Jim I don't know anything about Carver Mead.

Or, rather, I didn't realize what I knew about Carver Mead until, at the end of the talk you sent me, he held up a book, and I'm pretty sure that book was Collective Electrodynamics [Amazon], which is a book that he had written to try to express the fundamental reality of the vector potential in the theory of electrodynamics, and he did that basically by talking about quantum mechanics and the vector potential in superconductor theory. At least that's what I recall from reading it, but it's been at least a year and probably about three since I did.

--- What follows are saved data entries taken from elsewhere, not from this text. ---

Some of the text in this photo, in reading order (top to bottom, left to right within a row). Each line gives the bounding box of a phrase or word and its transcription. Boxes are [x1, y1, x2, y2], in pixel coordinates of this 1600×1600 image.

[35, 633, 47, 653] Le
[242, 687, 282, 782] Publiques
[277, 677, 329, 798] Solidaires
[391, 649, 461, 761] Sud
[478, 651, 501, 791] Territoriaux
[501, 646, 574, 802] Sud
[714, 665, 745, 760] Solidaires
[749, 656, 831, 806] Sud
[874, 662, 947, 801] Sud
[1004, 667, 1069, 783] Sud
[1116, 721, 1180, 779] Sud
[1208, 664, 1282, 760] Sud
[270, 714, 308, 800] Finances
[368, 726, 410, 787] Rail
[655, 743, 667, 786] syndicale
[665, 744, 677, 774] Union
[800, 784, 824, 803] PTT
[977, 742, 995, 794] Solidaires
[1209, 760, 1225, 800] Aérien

Randy I'm glad you read it because I've only kept my toe in it, and it's a pretty fascinating way to reconceptualize electrodynamics, we're so used to looking at it from the classical Maxwellian perspective of electric potentials and magnetic fields that to have him go and reinterpret the entire thing was pretty interesting. And I think, really elegant.
Jim I mean I didn't really see that as too great a reinterpretation. When I was reading it at least it seemed to me that it was mainly just putting one thing at the forefront, which probably isn't too bad. I mean, considering what we've been looking at in the main podcast physics with the Aharonov-Bohm effect and so on.

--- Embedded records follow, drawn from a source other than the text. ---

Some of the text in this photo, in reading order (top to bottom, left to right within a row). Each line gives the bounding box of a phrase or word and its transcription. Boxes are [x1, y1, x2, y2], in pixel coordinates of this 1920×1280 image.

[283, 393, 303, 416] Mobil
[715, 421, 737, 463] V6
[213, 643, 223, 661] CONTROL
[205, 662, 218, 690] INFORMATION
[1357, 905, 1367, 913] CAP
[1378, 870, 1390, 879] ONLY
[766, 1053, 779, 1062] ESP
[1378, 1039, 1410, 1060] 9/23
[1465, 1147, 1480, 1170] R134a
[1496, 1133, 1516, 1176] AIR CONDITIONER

Randy Yeah, except them that vector potential is very very important. It's the way that electricity and magnetism get put into quantum mechanics.
Jim Yes, and therefore should have a very very strong claim for centrality. I mean, I think that's a pretty reasonable thing for him to do. The main problem I have with an idea like that, with the centrality of the vector potential, is just that I don't really know how to say that this is the vector potential right at such and such a point.

I know how to say this is going to be the scalar potential at some point. When I'm doing something like an electromagnetic calculation, I know that I just assign the potential the value I want it to be at different points, because I control that with your equipment. You know, this is a ground, so that's zero volts, this has to be at 25 volts and you know all those other things you can sort of control all that, then you can figure out where all the fields are.

But as far as controlling that vector potential that I don't have any real idea how to do.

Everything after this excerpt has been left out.